Die Zukunft der Medizin soll eine patientenspezifische sein. Auf den einzelnen Patienten zugeschnittene Medikamente bedeutet dies - und speziell die Herstellung kurzkettiger Peptide, die günstigstenfalls nur noch aus dem Chemophor eines Enzyms bestehen, oder aus dem Epitop, der Antigen-Erkennungsstelle, eines Antikörpers. Diese Hinwendung zum Minimalismus ist im vorliegenden Fall nicht jenem blinden Forscherehrgeiz geschuldet, der sich an anderer Stelle rühmt, einen Apfel in ein leckeres Vitaminpräparat herunterdestillieren zu können. Nein. Hier ist er notwendig, denn nur selten wirken Proteine ohne diese Verschlankung in ausreichendem Maße, weil die pharmakokinetischen Kennzahlen solcher großer Eiweißstrukturen aufgrund des hohen Molekulargewichtes oft schlecht sind. Erst Peptide mit einem Molekulargewicht unterhalb von 500 Da kommen ungehindert, in ausreichender Menge und schnell dort an, wo sie ihre Wirkung entfalten können.

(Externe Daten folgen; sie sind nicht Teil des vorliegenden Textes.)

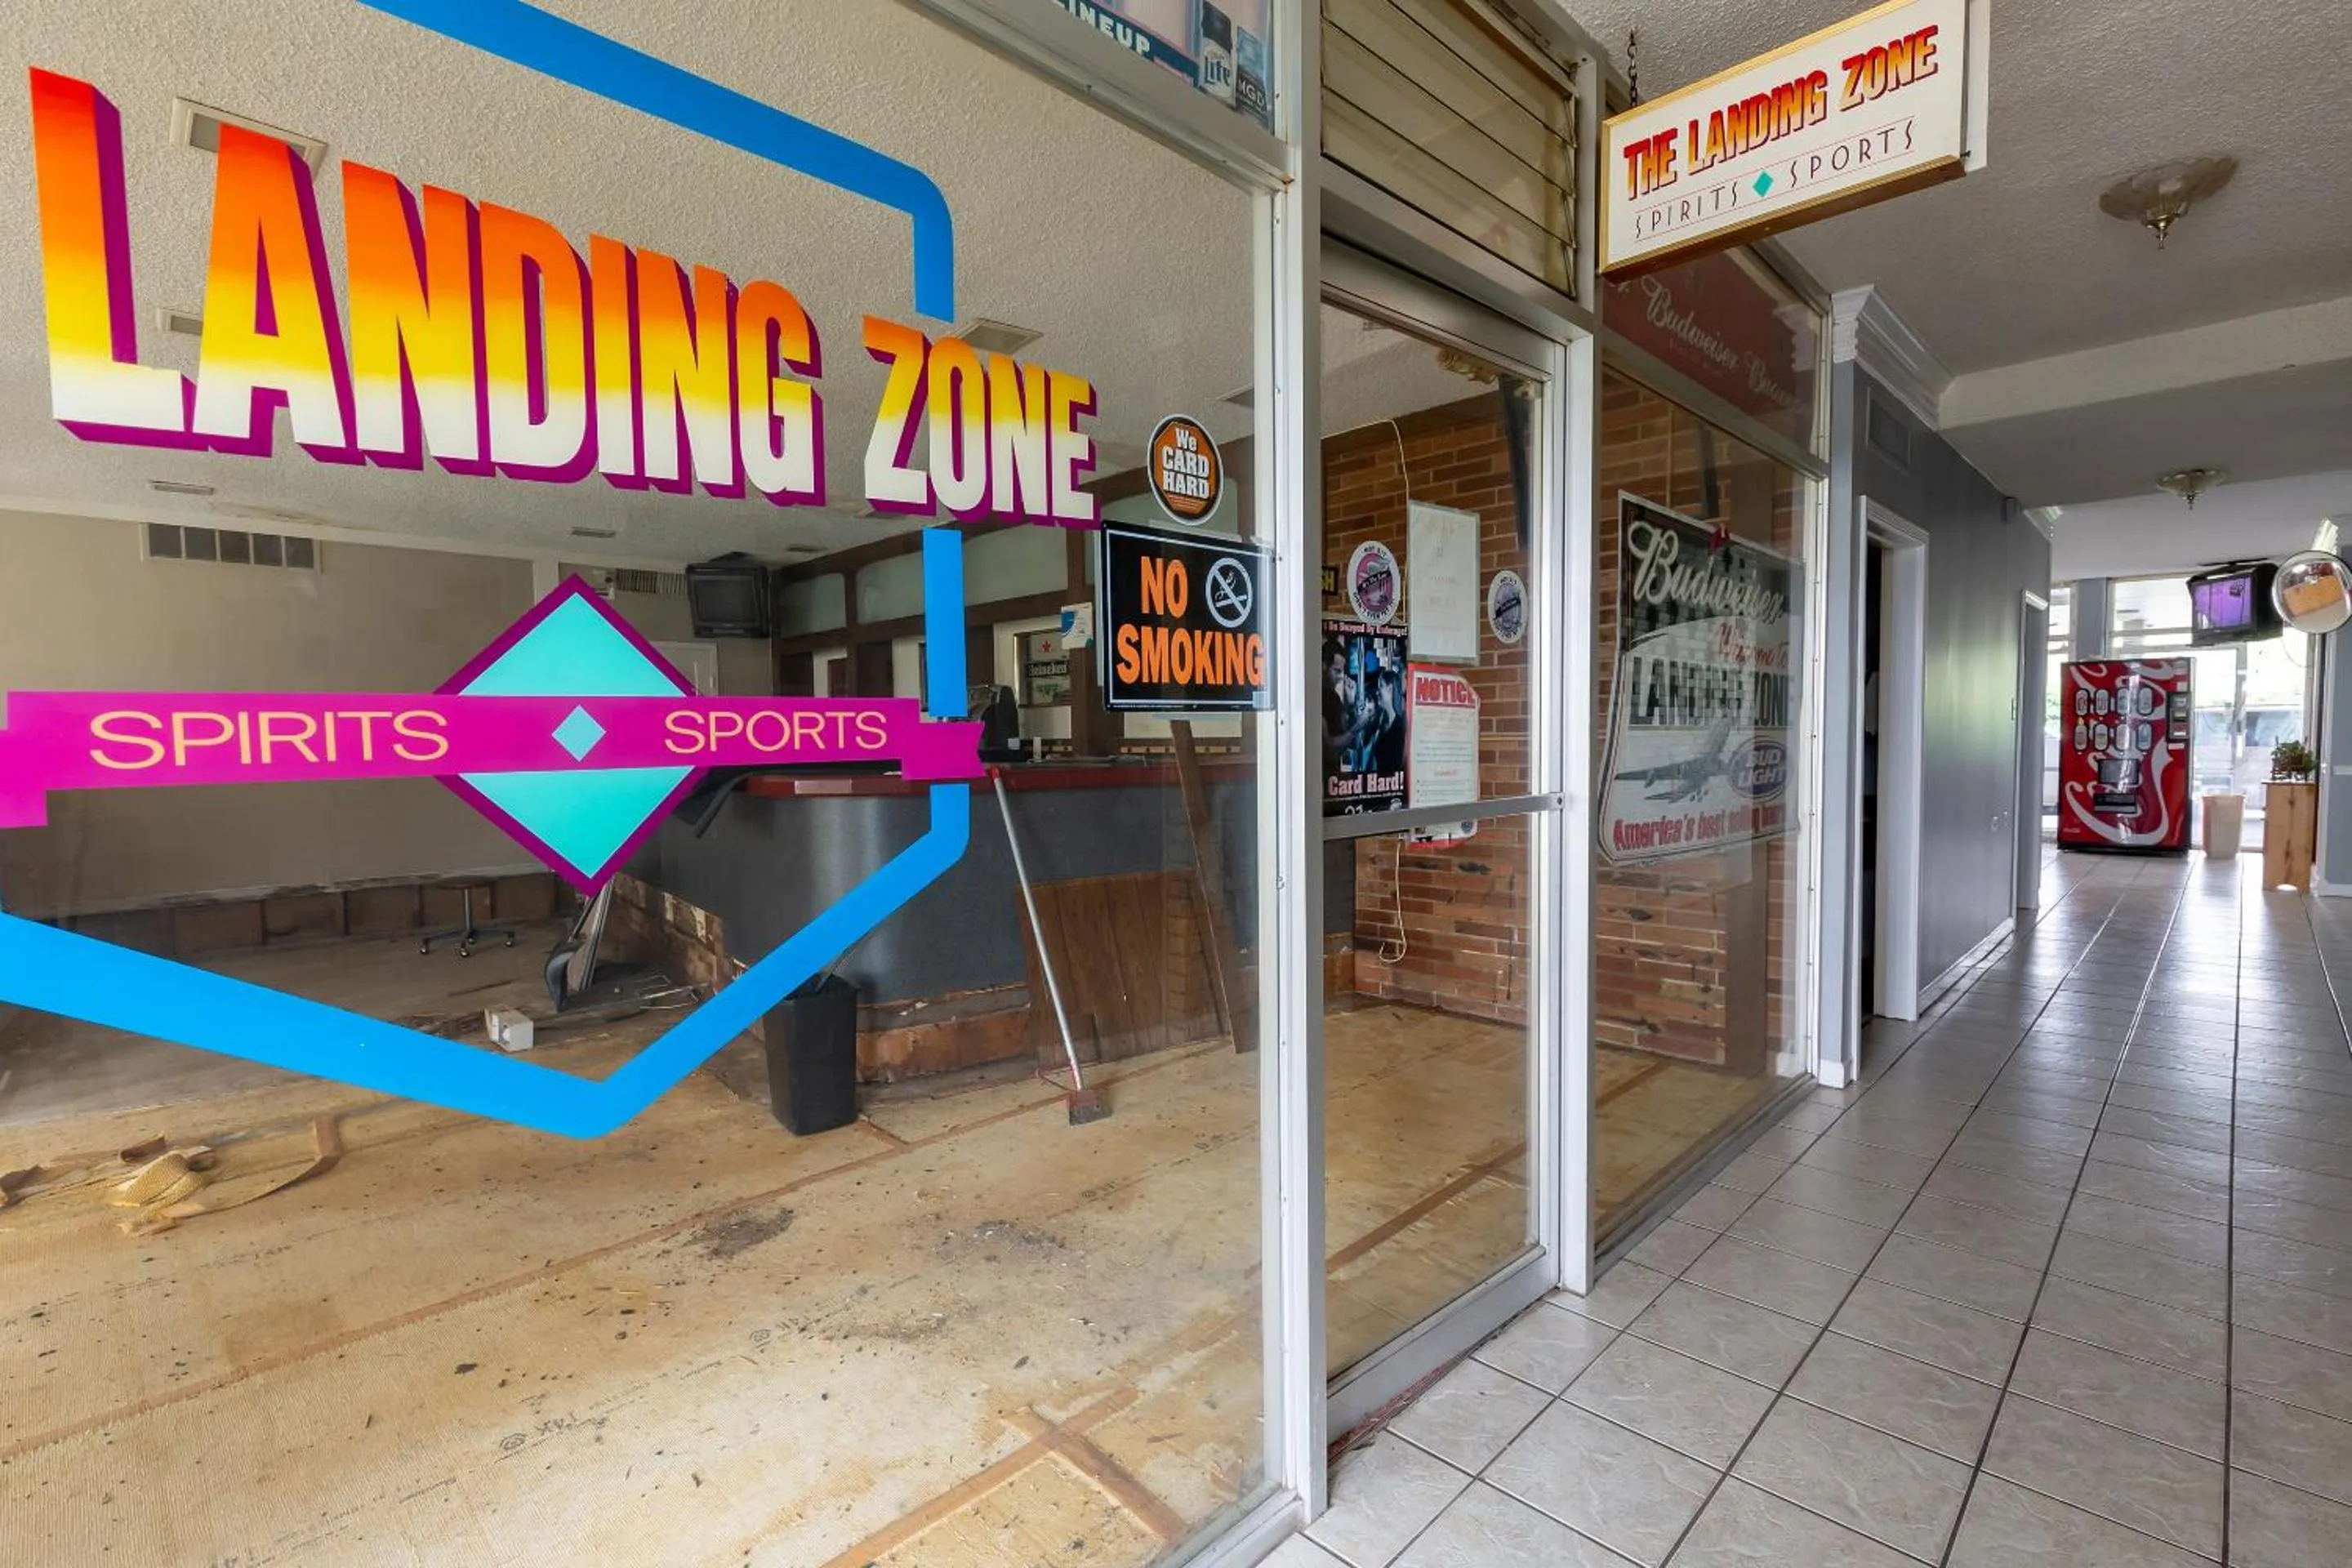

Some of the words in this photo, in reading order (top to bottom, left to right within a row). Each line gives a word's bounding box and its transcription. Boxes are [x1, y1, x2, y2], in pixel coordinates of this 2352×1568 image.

[1053, 0, 1152, 56] INEUP
[1623, 127, 1678, 201] THE
[1688, 69, 1829, 176] LANDING
[1840, 24, 1939, 112] ZONE
[1636, 180, 1738, 239] SPIRITS
[1790, 118, 1913, 188] SPORTS
[29, 65, 826, 506] LANDING
[862, 314, 1102, 531] ZONE
[1161, 445, 1209, 479] CARD
[1175, 426, 1197, 452] We
[1163, 469, 1209, 500] HARD
[1141, 555, 1188, 619] NO
[1627, 520, 1784, 626] Budweiser
[1116, 623, 1265, 686] SMOKING
[89, 710, 450, 770] SPIRITS
[663, 710, 889, 753] SPORTS
[1746, 748, 1781, 768] BUD
[1328, 775, 1363, 795] Card
[1366, 771, 1405, 792] Hard!
[1737, 766, 1788, 789] LIGHT
[1613, 813, 1694, 852] America's

Außerdem haftet den großen, den originalen Eiweißkörpern der Nimbus der »Genmanipulation« an, weil oft nur die Gentechnik sie in den benötigten Mengen aus »genmanipulierten« Organismen gewinnen kann. Und werden sie dann doch einmal aus »unmanipulierten« Tieren extrahiert, sind allergische Reaktionen auf Nebenprodukte nicht auszuschließen.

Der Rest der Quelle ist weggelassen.